== PROVIDED DATA ==
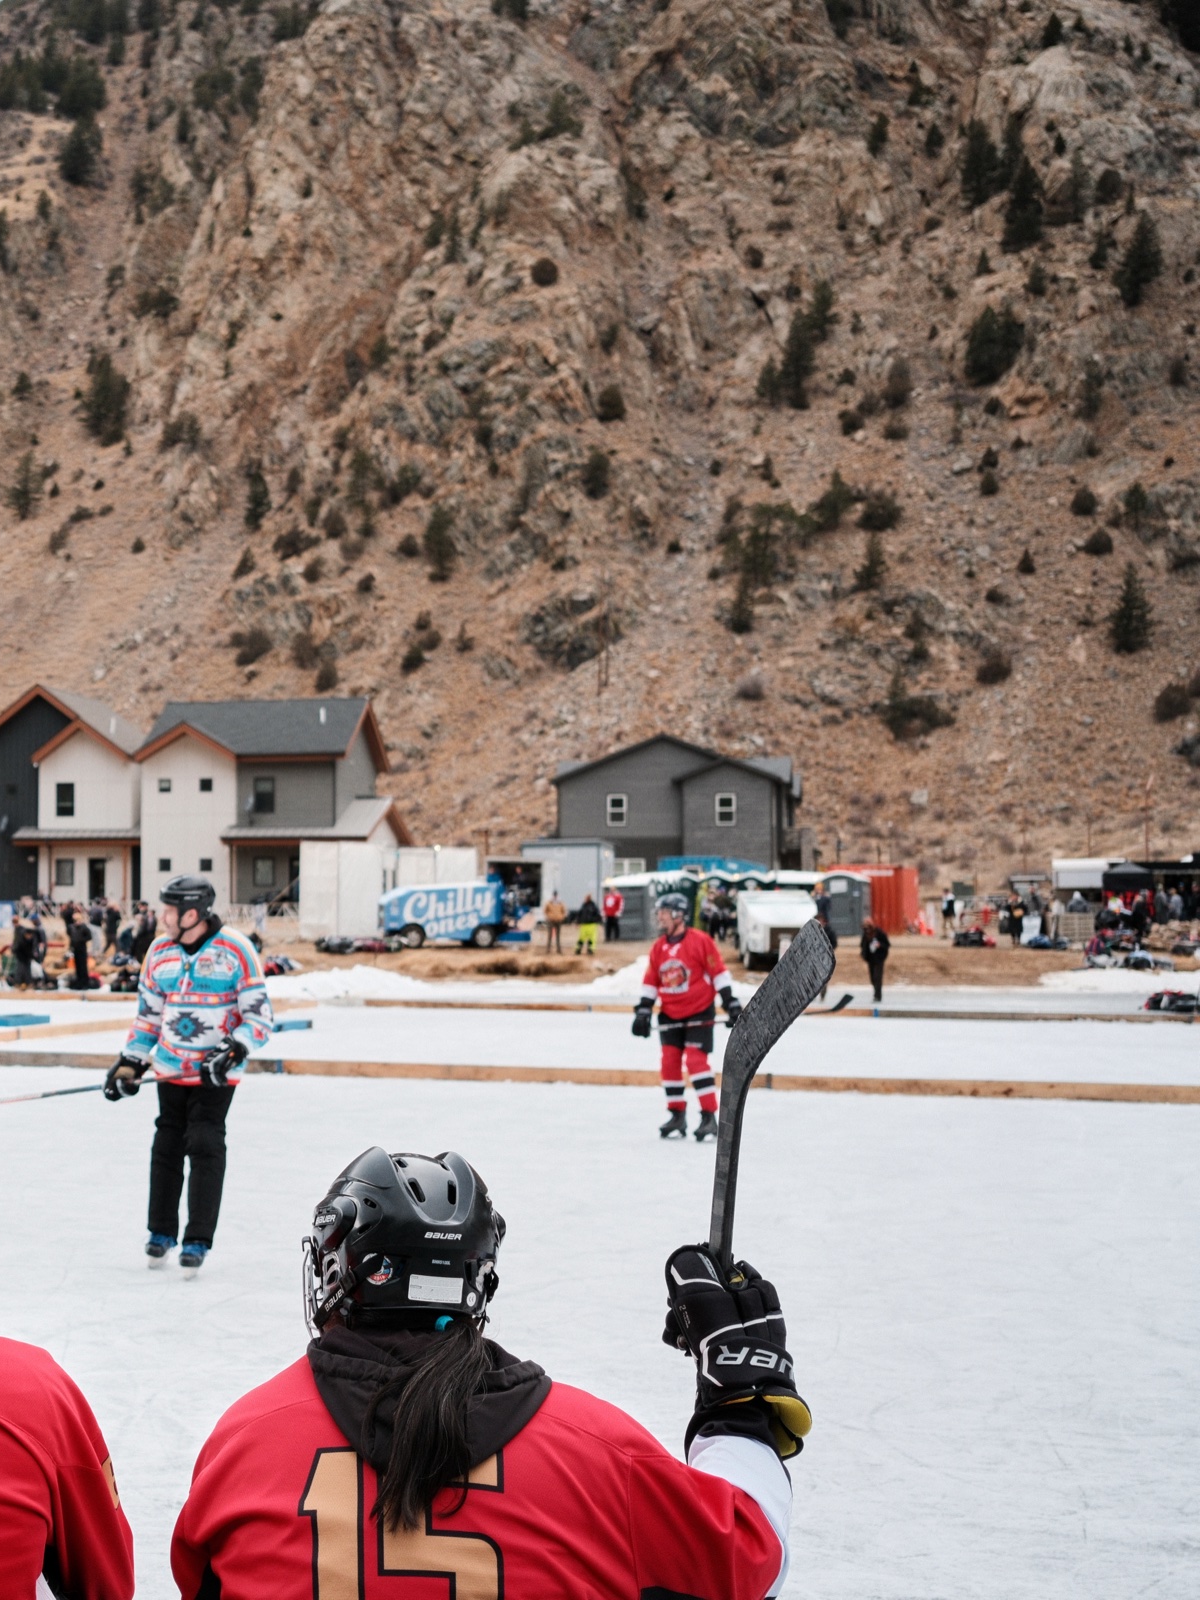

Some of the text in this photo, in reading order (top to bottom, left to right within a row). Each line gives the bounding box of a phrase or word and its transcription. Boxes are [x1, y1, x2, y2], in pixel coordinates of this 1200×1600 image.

[403, 887, 495, 925] Chilly
[425, 911, 480, 936] ones
[315, 1213, 336, 1224] BAUER
[424, 1231, 462, 1241] BAUER
[297, 1446, 504, 1600] 15

== REQUIREMENT ==
Pictures stay out; everything else in the listing above is to be repeated exactly.

== SOLUTION BELOW ==
Some of the text in this photo, in reading order (top to bottom, left to right within a row). Each line gives the bounding box of a phrase or word and its transcription. Boxes are [x1, y1, x2, y2], in pixel coordinates of this 1200×1600 image.

[403, 887, 495, 925] Chilly
[425, 911, 480, 936] ones
[315, 1213, 336, 1224] BAUER
[424, 1231, 462, 1241] BAUER
[297, 1446, 504, 1600] 15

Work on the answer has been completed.